Alcohol and Mental Health


Heavy drinking can have a detrimental affect on mental health.

It is commonly held that alcohol is a stimulant because it often makes people feel more outgoing or chatty. However, it’s actually a depressant and depresses the nervous system. It can perk people up in the short term but have a destabilising effect on the mood in the longer term.

Experts suggest that those who drink alcohol are more at risk of mental health problems. Research has found that heavy drinking can trigger or exacerbate mental health issues in those that are pre-disposed to them.

Using alcohol as an emotional crutch is common and in the short-term having a drink can minimise anxiety and make you feel confident. However, heavy drinking can bring about problems for people and also make problems worse. This can lead to a cycle of drinking that is hard to break.

Furthermore, estimates suggest that as many as two in three suicides in the UK can be linked to alcohol. This includes 70% of male suicides. Alcohol can make people feel more irrational and less inhibited and affect their ability to make measured judgements. This can make them more susceptible to thoughts of self harm or suicide.
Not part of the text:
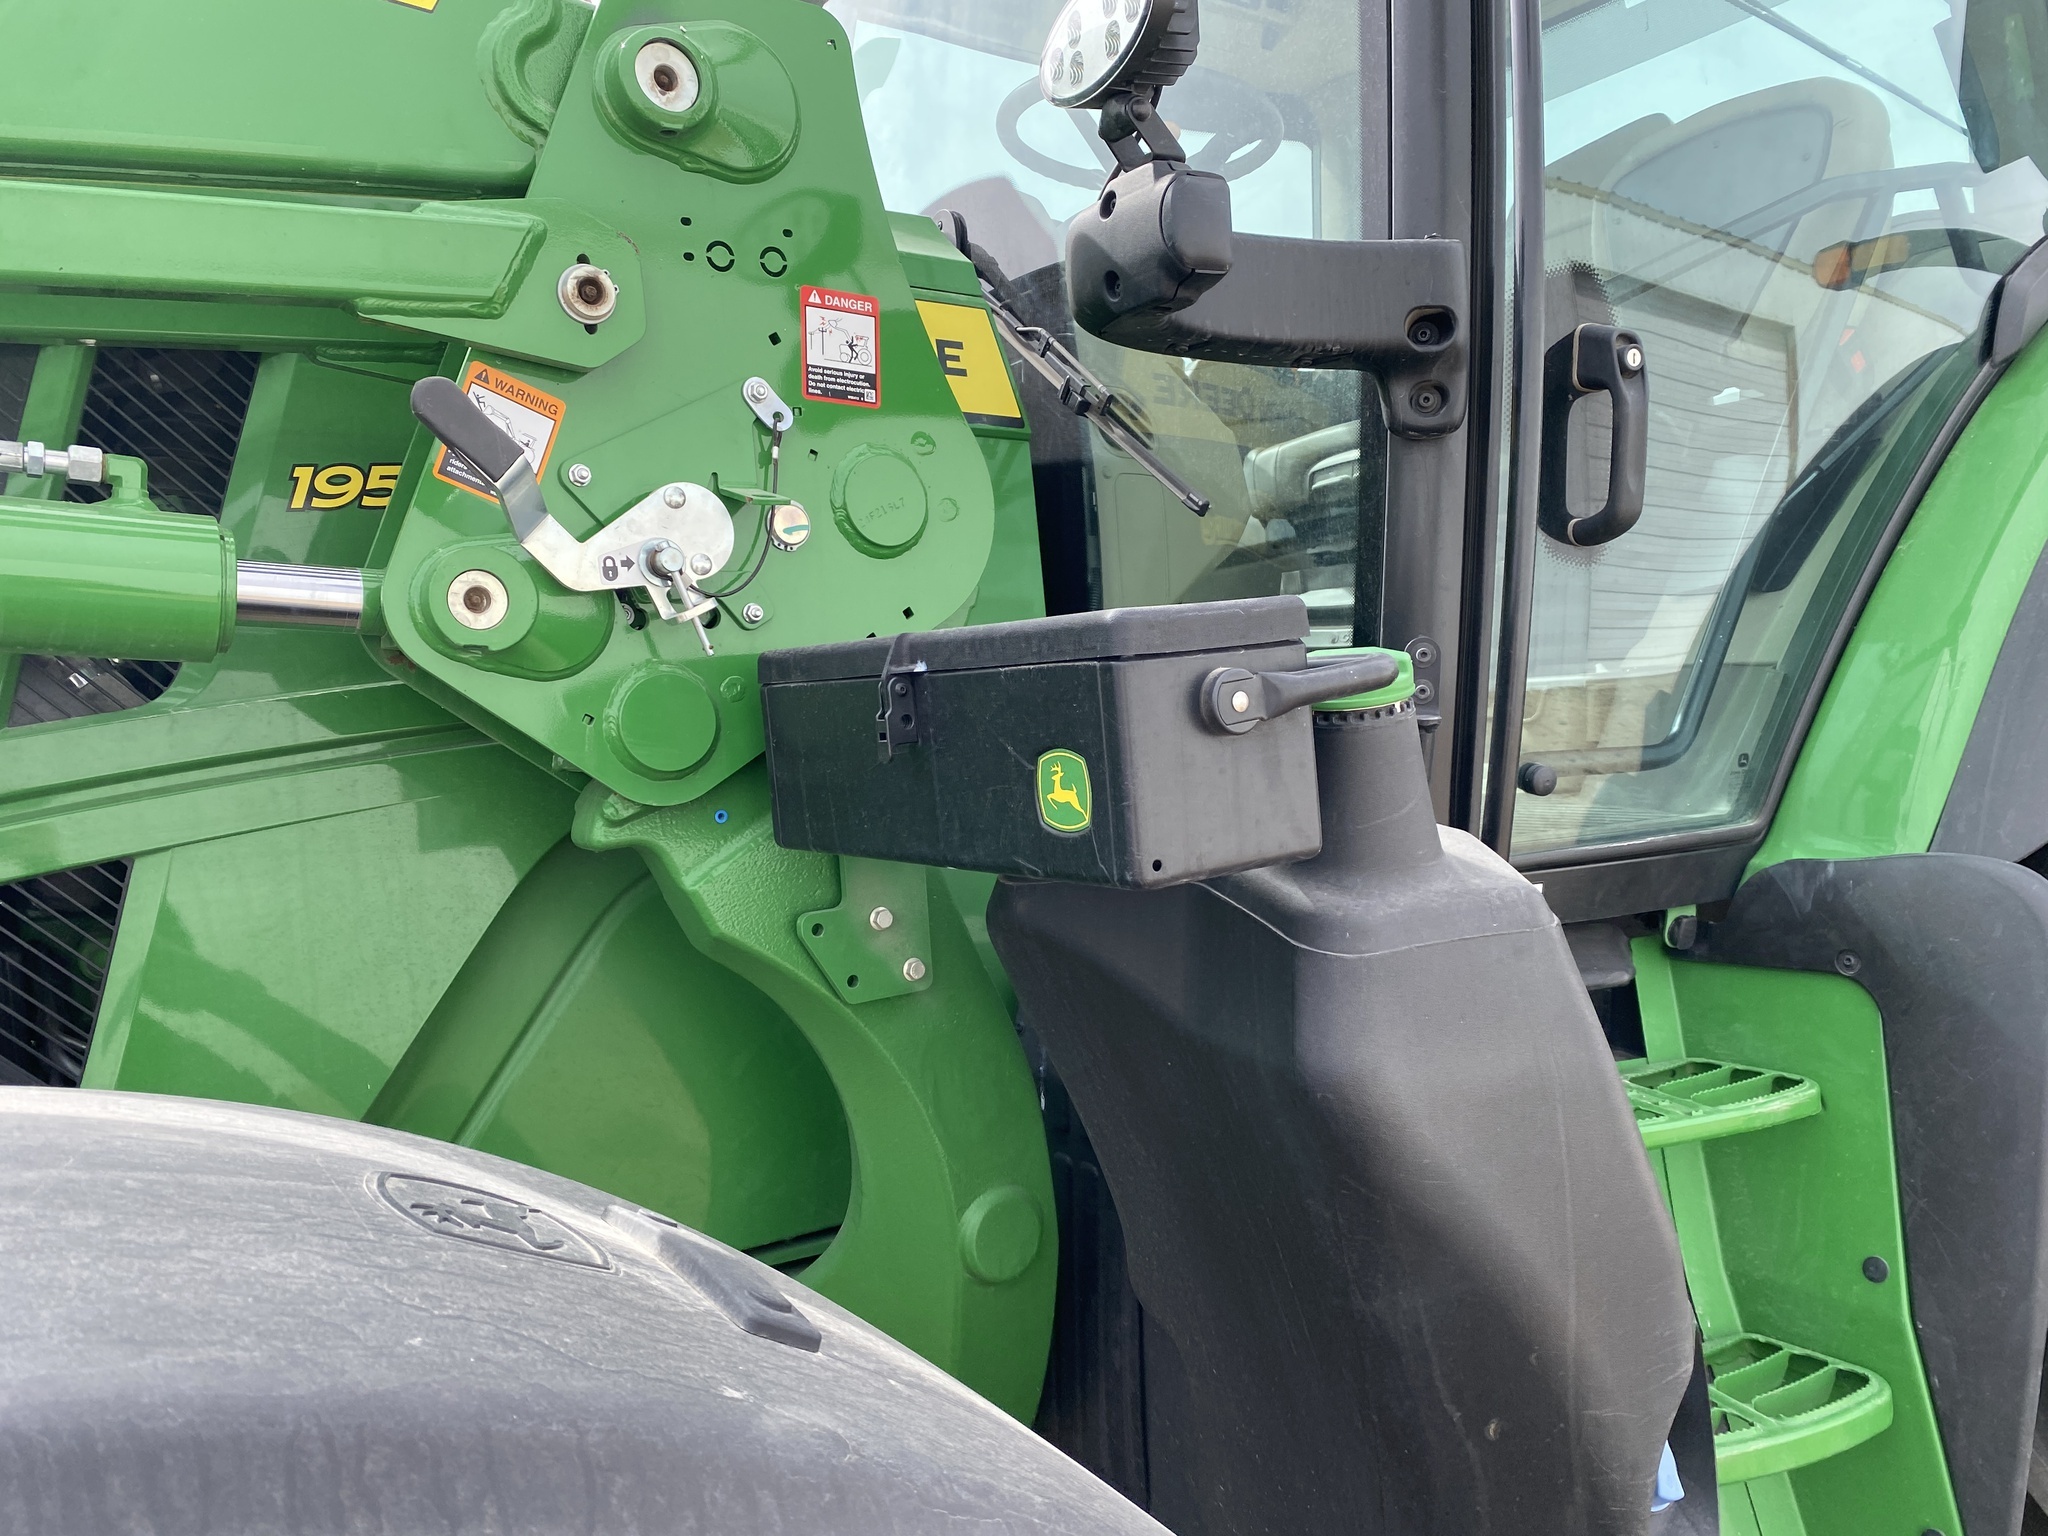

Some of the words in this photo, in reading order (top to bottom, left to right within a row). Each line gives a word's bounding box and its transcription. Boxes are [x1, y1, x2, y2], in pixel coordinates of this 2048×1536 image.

Excessive drink or the symptoms of alcohol withdrawal can in some cases lead to a kind of psychosis where the person is confused, unable to think clearly and possibly hallucinating. If you experience or witness this you should treat it as an emergency. Anyone considering stopping drinking after a period of heavy drinking should always consult their GP.

If you’re concerned about drinking and your mental health, professional help is available to help you with both alcohol and mental health issues.